Spatial localization data:
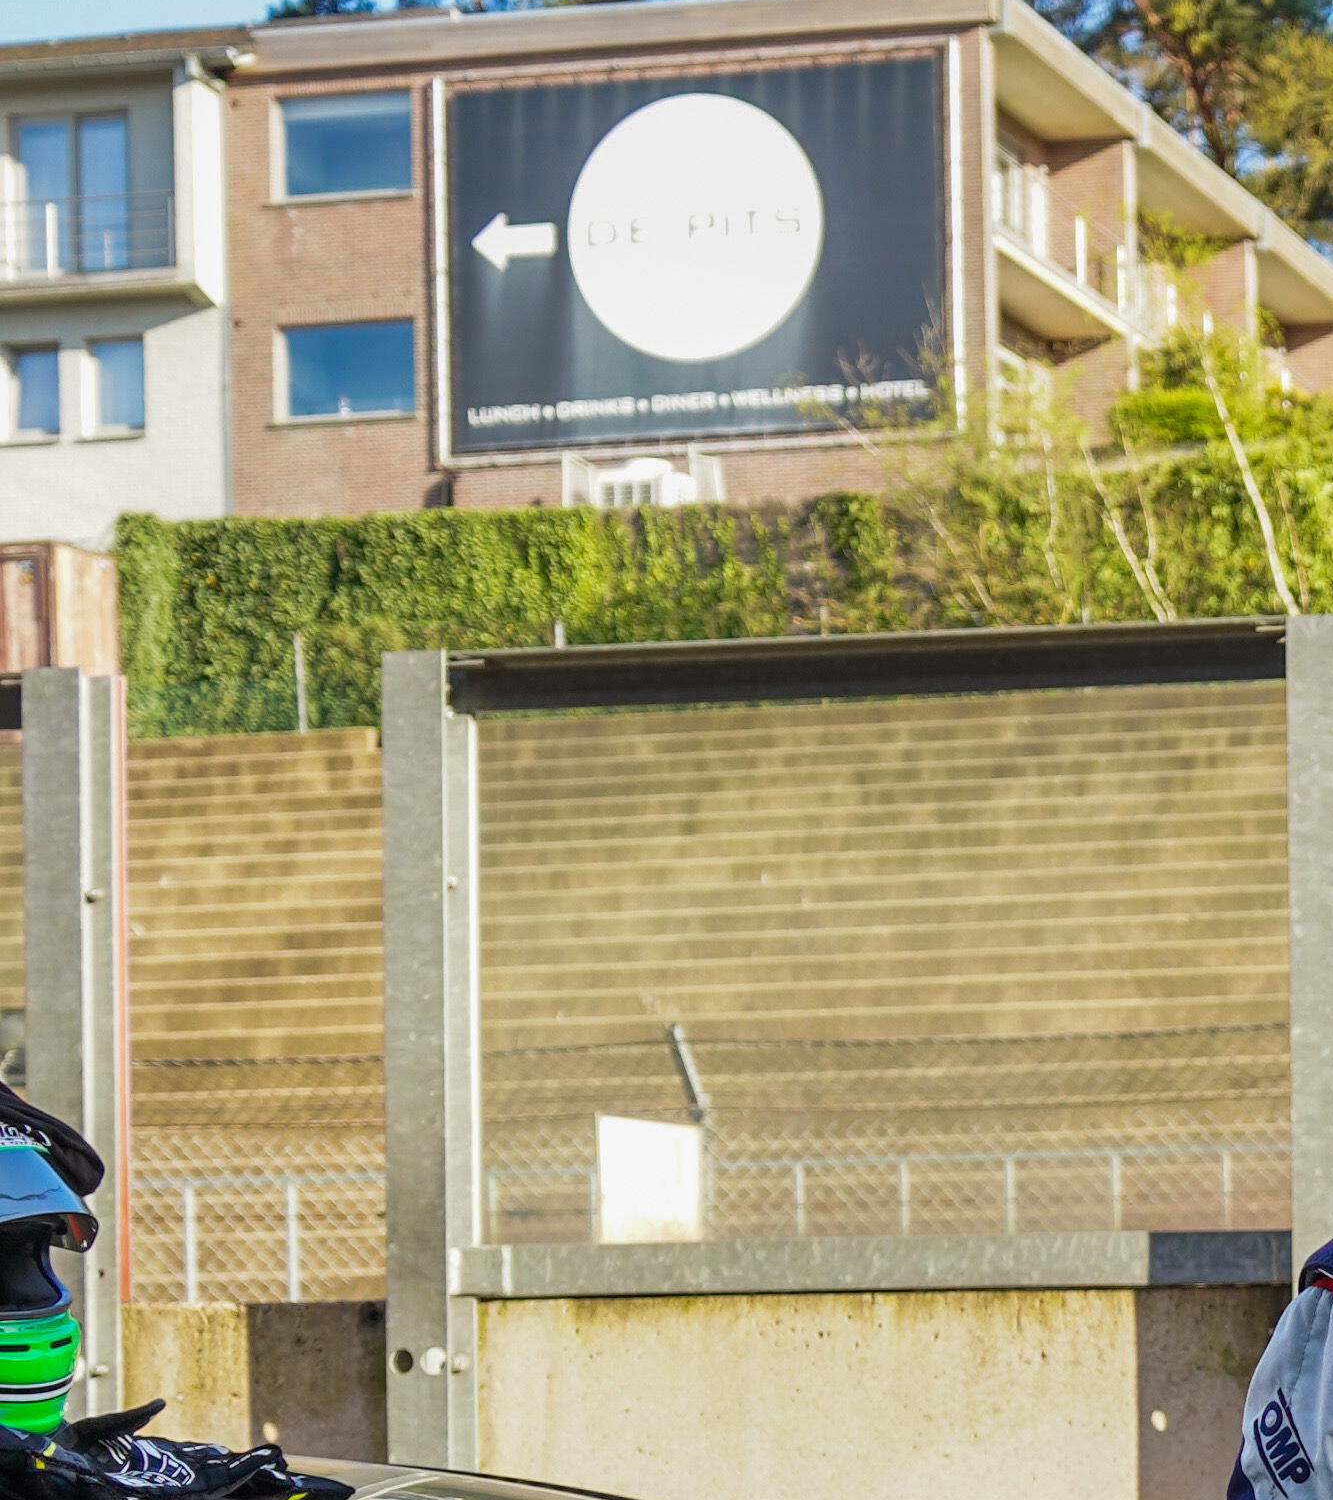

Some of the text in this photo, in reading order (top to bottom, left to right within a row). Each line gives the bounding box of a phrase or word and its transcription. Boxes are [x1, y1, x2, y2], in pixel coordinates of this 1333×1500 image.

[587, 207, 801, 247] DE PITS
[467, 377, 929, 428] LUNCH DRINKS DINER WELLNESS HOTEL
[1259, 1400, 1311, 1485] OMP
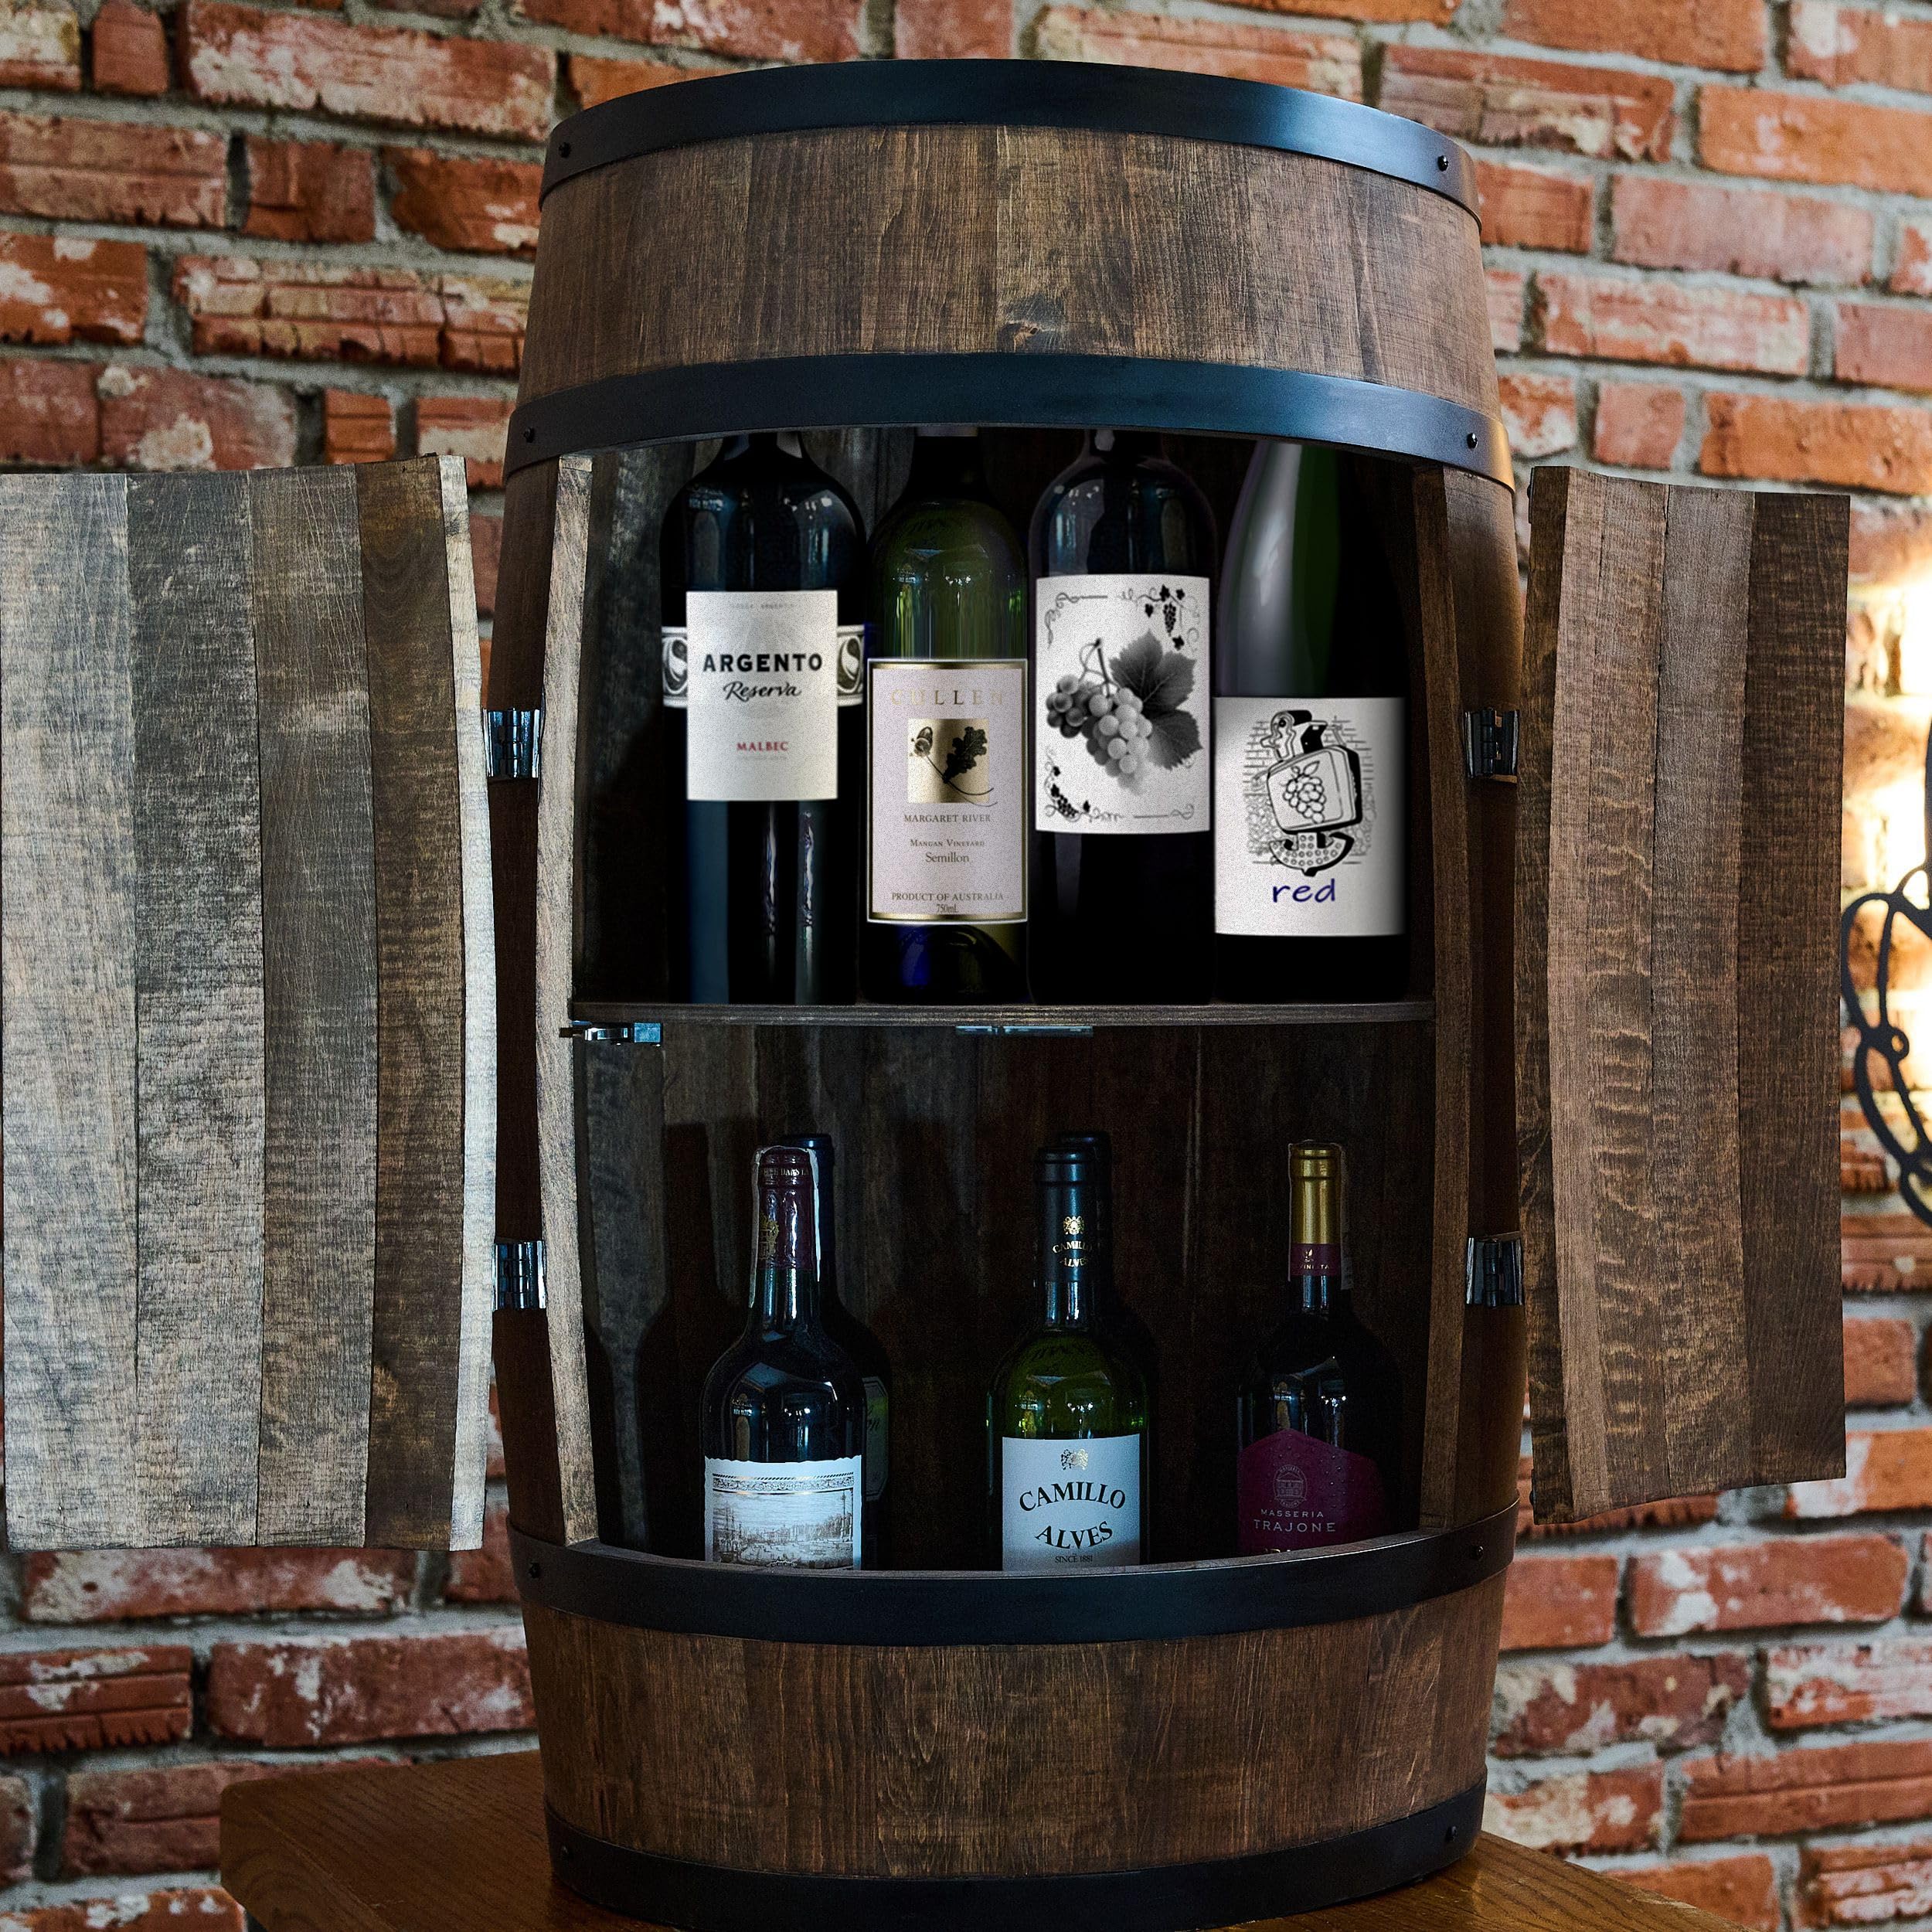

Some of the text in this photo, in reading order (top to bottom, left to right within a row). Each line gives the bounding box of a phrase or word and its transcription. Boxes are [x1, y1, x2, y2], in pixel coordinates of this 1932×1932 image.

[702, 653, 823, 672] ARGENTO
[722, 680, 802, 702] Reserva
[890, 689, 1004, 706] CULLEN
[736, 741, 789, 752] MALBEC
[903, 813, 991, 823] MARGARET RIVER
[945, 838, 986, 848] VINEYARD
[925, 851, 970, 863] Semillon
[891, 891, 1005, 902] PRODUCT OF AUSTRALIA
[1272, 877, 1336, 903] red
[1019, 1481, 1125, 1512] CAMILLO
[1260, 1509, 1324, 1518] MASSERIA
[1253, 1519, 1336, 1532] TRAJONE
[1035, 1521, 1113, 1549] ALVES

EXERCISE OBJECTIVE:
Print out every entry above without changing a word, and leave out the pictures.

ANSWER AREA:
Some of the text in this photo, in reading order (top to bottom, left to right within a row). Each line gives the bounding box of a phrase or word and its transcription. Boxes are [x1, y1, x2, y2], in pixel coordinates of this 1333×1500 image.

[587, 207, 801, 247] DE PITS
[467, 377, 929, 428] LUNCH DRINKS DINER WELLNESS HOTEL
[1259, 1400, 1311, 1485] OMP

Some of the text in this photo, in reading order (top to bottom, left to right within a row). Each line gives the bounding box of a phrase or word and its transcription. Boxes are [x1, y1, x2, y2], in pixel coordinates of this 1932×1932 image.

[702, 653, 823, 672] ARGENTO
[722, 680, 802, 702] Reserva
[890, 689, 1004, 706] CULLEN
[736, 741, 789, 752] MALBEC
[903, 813, 991, 823] MARGARET RIVER
[945, 838, 986, 848] VINEYARD
[925, 851, 970, 863] Semillon
[891, 891, 1005, 902] PRODUCT OF AUSTRALIA
[1272, 877, 1336, 903] red
[1019, 1481, 1125, 1512] CAMILLO
[1260, 1509, 1324, 1518] MASSERIA
[1253, 1519, 1336, 1532] TRAJONE
[1035, 1521, 1113, 1549] ALVES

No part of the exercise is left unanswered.